Of the six MFs which had evinced interest in offering this product, only two made presentations before the Inter-Ministerial Group at the department of disinvestment (DoD) today, for the mandate to create and launch the so-called Central Public Sector Enterprise (CPSE) ETF, according to sources.

Goldman Sachs Asset Management and UTI MF were the two fund houses that made presentations, said a person in the know.

A UTI official confirmed this. Goldman Sachs did not respond to phone calls or a text query. The other four which had planned to join the race were DSP BlackRock, Kotak MF, and SBI MF.

The proposed would be a basket of shares comprising listed public sector undertaking (PSU) stocks.

“The proposed CPSE ETF will serve as an additional mechanism for the government to monetise its shareholdings in those CPSEs that eventually form part of the ETF basket,” said the Request for Proposal (RFP) floated by the DoD for creation of the ETF.

Fund houses have been reluctant because they would have to pay upfront a marketing expense fee of Rs 15 crore, which officials say is too high.

Fund house officials said it did not make business sense to incur expenditure of that magnitude for a New Fund Offer (NFO) period of just 15-20 days. An NFO for an equity-oriented scheme is about Rs 7-8 crore, while for an ETF it is Rs 2-3 crore, they said.
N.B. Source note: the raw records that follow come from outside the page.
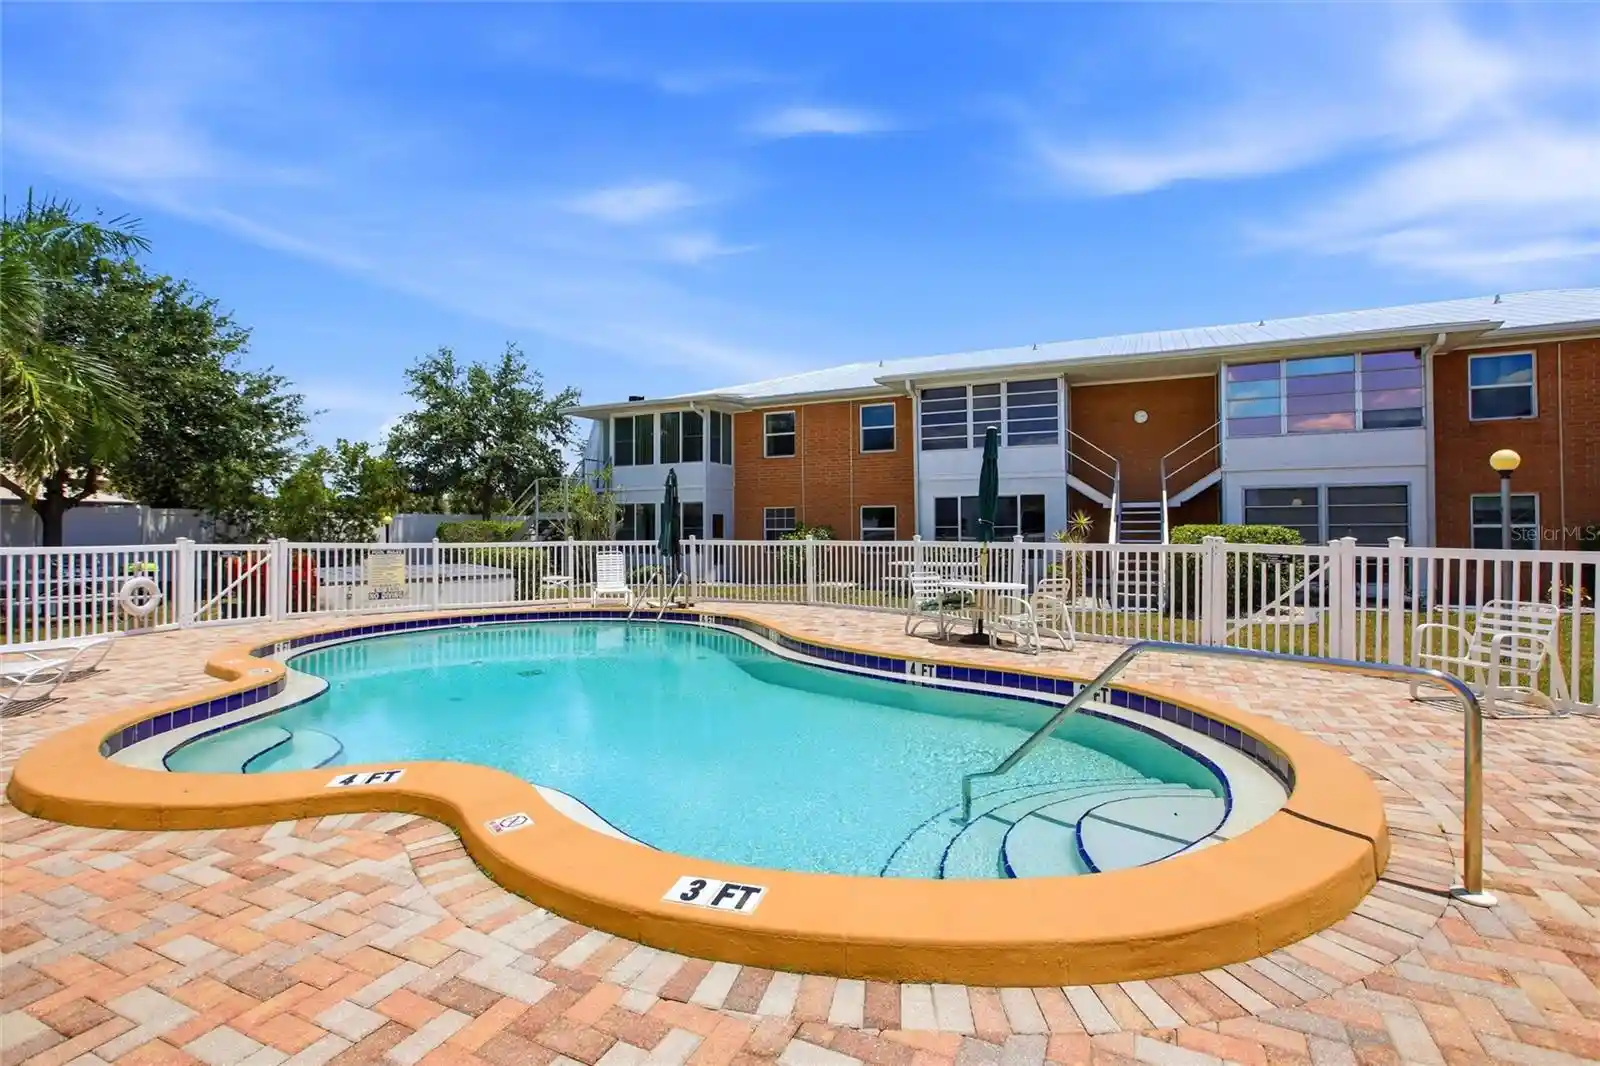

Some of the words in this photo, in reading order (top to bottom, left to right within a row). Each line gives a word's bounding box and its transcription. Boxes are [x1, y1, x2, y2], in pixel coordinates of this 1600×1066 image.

[910, 661, 917, 675] 4
[921, 663, 935, 678] FT
[339, 774, 358, 786] 4
[365, 770, 402, 785] FT
[680, 879, 707, 901] 3
[710, 883, 762, 910] FT
“It is up to a fund house to decide how much they would want to spend on an NFO. But it would hurt an AMC’s business to spend that much on the product,” said Deepak Chatterjee, managing director, SBI MF.
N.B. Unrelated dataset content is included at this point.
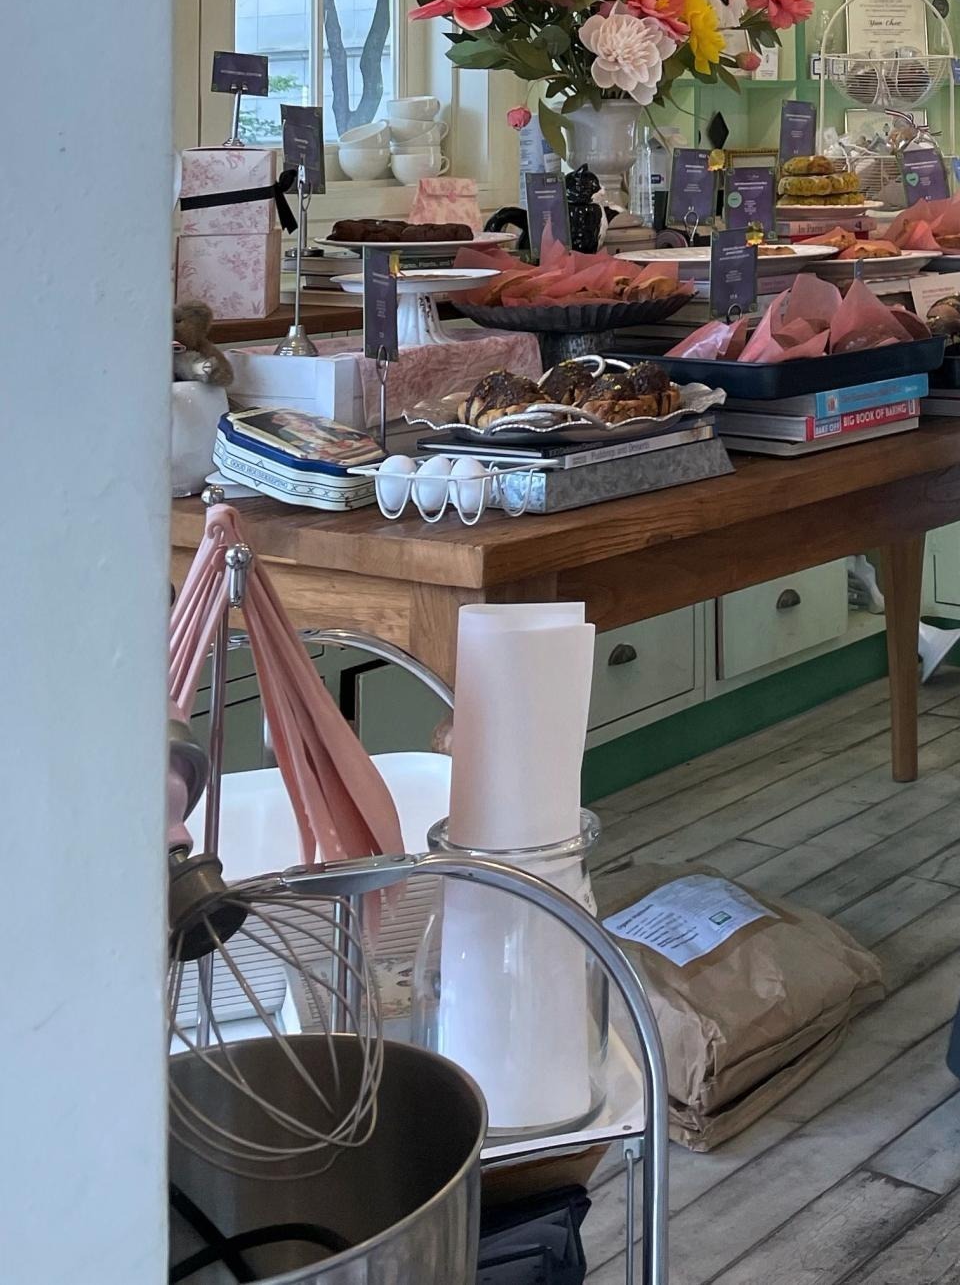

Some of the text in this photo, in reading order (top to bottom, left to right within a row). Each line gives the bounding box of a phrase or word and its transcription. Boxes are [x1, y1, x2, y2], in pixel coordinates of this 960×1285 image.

[843, 403, 907, 427] BIG BOOK OF BAKING
[230, 458, 247, 472] GOOD
MF sector sources said asset management companies had made an appeal to DoD to reduce the marketing expenses but the latter had said this would ensure only serious players came forward.

“A presentation to that effect was made during the pre-bid meetings with the fund houses but it was just an idea that was being floated around. We decided not to make any changes to the marketing expenses,” said a department official, who did not wish to be named.

According to the RFP, the asset management company chosen would have to incur marketing expenses of Rs 15 crore for the promotion of the NFO. This would be in addition to the other expenses by the AMC with relation to the creation of the index for the ETF and the payment to the distributors, among others.